Description of the task » Copy out the data that follows exactly, leaving out no line.

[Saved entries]
::::::::

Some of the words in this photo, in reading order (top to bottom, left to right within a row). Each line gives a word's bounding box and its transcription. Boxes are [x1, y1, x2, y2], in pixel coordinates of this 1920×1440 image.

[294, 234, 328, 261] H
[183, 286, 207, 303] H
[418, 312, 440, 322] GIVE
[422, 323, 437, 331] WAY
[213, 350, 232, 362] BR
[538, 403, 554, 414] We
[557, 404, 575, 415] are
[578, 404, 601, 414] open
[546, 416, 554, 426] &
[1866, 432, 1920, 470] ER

::::::::

Written solution »
Some of the words in this photo, in reading order (top to bottom, left to right within a row). Each line gives a word's bounding box and its transcription. Boxes are [x1, y1, x2, y2], in pixel coordinates of this 1920×1440 image.

[294, 234, 328, 261] H
[183, 286, 207, 303] H
[418, 312, 440, 322] GIVE
[422, 323, 437, 331] WAY
[213, 350, 232, 362] BR
[538, 403, 554, 414] We
[557, 404, 575, 415] are
[578, 404, 601, 414] open
[546, 416, 554, 426] &
[1866, 432, 1920, 470] ER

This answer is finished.